:: Material for the task ::
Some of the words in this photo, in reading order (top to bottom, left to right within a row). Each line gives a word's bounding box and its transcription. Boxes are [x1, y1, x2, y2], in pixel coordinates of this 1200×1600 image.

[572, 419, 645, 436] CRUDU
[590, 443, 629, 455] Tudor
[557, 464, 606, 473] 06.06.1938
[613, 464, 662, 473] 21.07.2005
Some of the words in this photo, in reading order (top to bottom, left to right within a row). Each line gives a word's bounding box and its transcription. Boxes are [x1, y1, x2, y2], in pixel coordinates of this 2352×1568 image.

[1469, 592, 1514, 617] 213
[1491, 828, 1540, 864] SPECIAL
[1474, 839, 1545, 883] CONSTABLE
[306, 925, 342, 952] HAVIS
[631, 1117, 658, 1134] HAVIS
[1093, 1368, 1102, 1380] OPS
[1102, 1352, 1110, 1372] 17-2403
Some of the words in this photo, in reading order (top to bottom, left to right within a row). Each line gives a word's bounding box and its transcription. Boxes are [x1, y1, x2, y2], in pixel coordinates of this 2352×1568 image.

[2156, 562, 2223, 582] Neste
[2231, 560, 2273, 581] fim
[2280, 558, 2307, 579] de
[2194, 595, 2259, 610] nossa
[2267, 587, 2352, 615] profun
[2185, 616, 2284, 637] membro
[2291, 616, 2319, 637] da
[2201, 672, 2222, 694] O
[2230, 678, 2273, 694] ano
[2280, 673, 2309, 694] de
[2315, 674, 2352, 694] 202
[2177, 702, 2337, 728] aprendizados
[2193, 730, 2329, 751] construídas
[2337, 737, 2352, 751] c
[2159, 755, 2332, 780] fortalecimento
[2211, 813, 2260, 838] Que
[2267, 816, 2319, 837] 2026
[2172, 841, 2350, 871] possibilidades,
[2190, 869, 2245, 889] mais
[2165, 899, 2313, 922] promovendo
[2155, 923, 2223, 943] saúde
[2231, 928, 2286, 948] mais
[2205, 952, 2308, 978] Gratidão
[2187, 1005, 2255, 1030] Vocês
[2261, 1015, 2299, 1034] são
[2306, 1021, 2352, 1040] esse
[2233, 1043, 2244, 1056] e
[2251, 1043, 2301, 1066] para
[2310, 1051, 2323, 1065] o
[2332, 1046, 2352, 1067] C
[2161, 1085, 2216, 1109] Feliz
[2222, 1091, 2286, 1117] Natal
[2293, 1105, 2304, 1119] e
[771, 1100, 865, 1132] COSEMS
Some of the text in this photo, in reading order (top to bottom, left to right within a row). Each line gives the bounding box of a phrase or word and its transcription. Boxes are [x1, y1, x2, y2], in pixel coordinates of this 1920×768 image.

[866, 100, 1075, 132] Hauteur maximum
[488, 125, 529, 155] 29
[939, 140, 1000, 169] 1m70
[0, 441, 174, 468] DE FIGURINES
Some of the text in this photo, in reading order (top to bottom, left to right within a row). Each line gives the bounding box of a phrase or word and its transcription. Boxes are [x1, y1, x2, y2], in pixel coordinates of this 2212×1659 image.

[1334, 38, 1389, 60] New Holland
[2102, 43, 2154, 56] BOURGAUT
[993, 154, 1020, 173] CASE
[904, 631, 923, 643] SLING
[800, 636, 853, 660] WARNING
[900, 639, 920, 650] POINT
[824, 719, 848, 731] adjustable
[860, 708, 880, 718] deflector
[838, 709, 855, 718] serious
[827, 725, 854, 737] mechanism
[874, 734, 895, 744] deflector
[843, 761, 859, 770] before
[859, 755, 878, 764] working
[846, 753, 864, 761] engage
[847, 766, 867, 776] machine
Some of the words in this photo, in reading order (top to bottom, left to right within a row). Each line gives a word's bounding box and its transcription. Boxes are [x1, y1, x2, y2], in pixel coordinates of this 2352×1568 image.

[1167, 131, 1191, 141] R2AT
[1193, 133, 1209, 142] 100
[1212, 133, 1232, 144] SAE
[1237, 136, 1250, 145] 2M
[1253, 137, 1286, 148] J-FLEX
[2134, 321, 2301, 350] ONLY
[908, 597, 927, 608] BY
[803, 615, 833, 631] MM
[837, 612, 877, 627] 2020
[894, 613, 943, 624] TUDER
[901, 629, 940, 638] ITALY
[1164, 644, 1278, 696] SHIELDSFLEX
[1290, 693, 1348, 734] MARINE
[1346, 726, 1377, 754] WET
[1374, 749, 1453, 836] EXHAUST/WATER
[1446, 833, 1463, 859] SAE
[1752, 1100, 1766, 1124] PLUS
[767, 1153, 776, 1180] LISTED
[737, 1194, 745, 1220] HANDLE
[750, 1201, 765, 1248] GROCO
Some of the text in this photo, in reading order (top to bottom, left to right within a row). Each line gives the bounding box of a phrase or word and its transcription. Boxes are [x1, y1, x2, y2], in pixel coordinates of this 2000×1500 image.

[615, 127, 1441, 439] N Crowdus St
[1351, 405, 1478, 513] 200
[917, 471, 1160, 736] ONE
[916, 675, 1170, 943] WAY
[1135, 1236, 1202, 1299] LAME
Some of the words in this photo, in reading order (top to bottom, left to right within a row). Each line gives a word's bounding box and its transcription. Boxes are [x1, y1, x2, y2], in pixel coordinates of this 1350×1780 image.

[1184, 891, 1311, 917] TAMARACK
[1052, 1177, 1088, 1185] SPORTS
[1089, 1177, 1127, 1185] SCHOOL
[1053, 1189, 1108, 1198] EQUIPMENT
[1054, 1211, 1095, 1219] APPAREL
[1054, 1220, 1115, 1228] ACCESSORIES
:::
_Exercise prompt_. Set every entry down verbatim.

_Response below_.
Some of the words in this photo, in reading order (top to bottom, left to right within a row). Each line gives a word's bounding box and its transcription. Boxes are [x1, y1, x2, y2], in pixel coordinates of this 1200×1600 image.

[572, 419, 645, 436] CRUDU
[590, 443, 629, 455] Tudor
[557, 464, 606, 473] 06.06.1938
[613, 464, 662, 473] 21.07.2005
Some of the words in this photo, in reading order (top to bottom, left to right within a row). Each line gives a word's bounding box and its transcription. Boxes are [x1, y1, x2, y2], in pixel coordinates of this 2352×1568 image.

[1469, 592, 1514, 617] 213
[1491, 828, 1540, 864] SPECIAL
[1474, 839, 1545, 883] CONSTABLE
[306, 925, 342, 952] HAVIS
[631, 1117, 658, 1134] HAVIS
[1093, 1368, 1102, 1380] OPS
[1102, 1352, 1110, 1372] 17-2403
Some of the words in this photo, in reading order (top to bottom, left to right within a row). Each line gives a word's bounding box and its transcription. Boxes are [x1, y1, x2, y2], in pixel coordinates of this 2352×1568 image.

[2156, 562, 2223, 582] Neste
[2231, 560, 2273, 581] fim
[2280, 558, 2307, 579] de
[2194, 595, 2259, 610] nossa
[2267, 587, 2352, 615] profun
[2185, 616, 2284, 637] membro
[2291, 616, 2319, 637] da
[2201, 672, 2222, 694] O
[2230, 678, 2273, 694] ano
[2280, 673, 2309, 694] de
[2315, 674, 2352, 694] 202
[2177, 702, 2337, 728] aprendizados
[2193, 730, 2329, 751] construídas
[2337, 737, 2352, 751] c
[2159, 755, 2332, 780] fortalecimento
[2211, 813, 2260, 838] Que
[2267, 816, 2319, 837] 2026
[2172, 841, 2350, 871] possibilidades,
[2190, 869, 2245, 889] mais
[2165, 899, 2313, 922] promovendo
[2155, 923, 2223, 943] saúde
[2231, 928, 2286, 948] mais
[2205, 952, 2308, 978] Gratidão
[2187, 1005, 2255, 1030] Vocês
[2261, 1015, 2299, 1034] são
[2306, 1021, 2352, 1040] esse
[2233, 1043, 2244, 1056] e
[2251, 1043, 2301, 1066] para
[2310, 1051, 2323, 1065] o
[2332, 1046, 2352, 1067] C
[2161, 1085, 2216, 1109] Feliz
[2222, 1091, 2286, 1117] Natal
[2293, 1105, 2304, 1119] e
[771, 1100, 865, 1132] COSEMS
Some of the text in this photo, in reading order (top to bottom, left to right within a row). Each line gives the bounding box of a phrase or word and its transcription. Boxes are [x1, y1, x2, y2], in pixel coordinates of this 1920×768 image.

[866, 100, 1075, 132] Hauteur maximum
[488, 125, 529, 155] 29
[939, 140, 1000, 169] 1m70
[0, 441, 174, 468] DE FIGURINES
Some of the text in this photo, in reading order (top to bottom, left to right within a row). Each line gives the bounding box of a phrase or word and its transcription. Boxes are [x1, y1, x2, y2], in pixel coordinates of this 2212×1659 image.

[1334, 38, 1389, 60] New Holland
[2102, 43, 2154, 56] BOURGAUT
[993, 154, 1020, 173] CASE
[904, 631, 923, 643] SLING
[800, 636, 853, 660] WARNING
[900, 639, 920, 650] POINT
[824, 719, 848, 731] adjustable
[860, 708, 880, 718] deflector
[838, 709, 855, 718] serious
[827, 725, 854, 737] mechanism
[874, 734, 895, 744] deflector
[843, 761, 859, 770] before
[859, 755, 878, 764] working
[846, 753, 864, 761] engage
[847, 766, 867, 776] machine
Some of the words in this photo, in reading order (top to bottom, left to right within a row). Each line gives a word's bounding box and its transcription. Boxes are [x1, y1, x2, y2], in pixel coordinates of this 2352×1568 image.

[1167, 131, 1191, 141] R2AT
[1193, 133, 1209, 142] 100
[1212, 133, 1232, 144] SAE
[1237, 136, 1250, 145] 2M
[1253, 137, 1286, 148] J-FLEX
[2134, 321, 2301, 350] ONLY
[908, 597, 927, 608] BY
[803, 615, 833, 631] MM
[837, 612, 877, 627] 2020
[894, 613, 943, 624] TUDER
[901, 629, 940, 638] ITALY
[1164, 644, 1278, 696] SHIELDSFLEX
[1290, 693, 1348, 734] MARINE
[1346, 726, 1377, 754] WET
[1374, 749, 1453, 836] EXHAUST/WATER
[1446, 833, 1463, 859] SAE
[1752, 1100, 1766, 1124] PLUS
[767, 1153, 776, 1180] LISTED
[737, 1194, 745, 1220] HANDLE
[750, 1201, 765, 1248] GROCO
Some of the text in this photo, in reading order (top to bottom, left to right within a row). Each line gives the bounding box of a phrase or word and its transcription. Boxes are [x1, y1, x2, y2], in pixel coordinates of this 2000×1500 image.

[615, 127, 1441, 439] N Crowdus St
[1351, 405, 1478, 513] 200
[917, 471, 1160, 736] ONE
[916, 675, 1170, 943] WAY
[1135, 1236, 1202, 1299] LAME
Some of the words in this photo, in reading order (top to bottom, left to right within a row). Each line gives a word's bounding box and its transcription. Boxes are [x1, y1, x2, y2], in pixel coordinates of this 1350×1780 image.

[1184, 891, 1311, 917] TAMARACK
[1052, 1177, 1088, 1185] SPORTS
[1089, 1177, 1127, 1185] SCHOOL
[1053, 1189, 1108, 1198] EQUIPMENT
[1054, 1211, 1095, 1219] APPAREL
[1054, 1220, 1115, 1228] ACCESSORIES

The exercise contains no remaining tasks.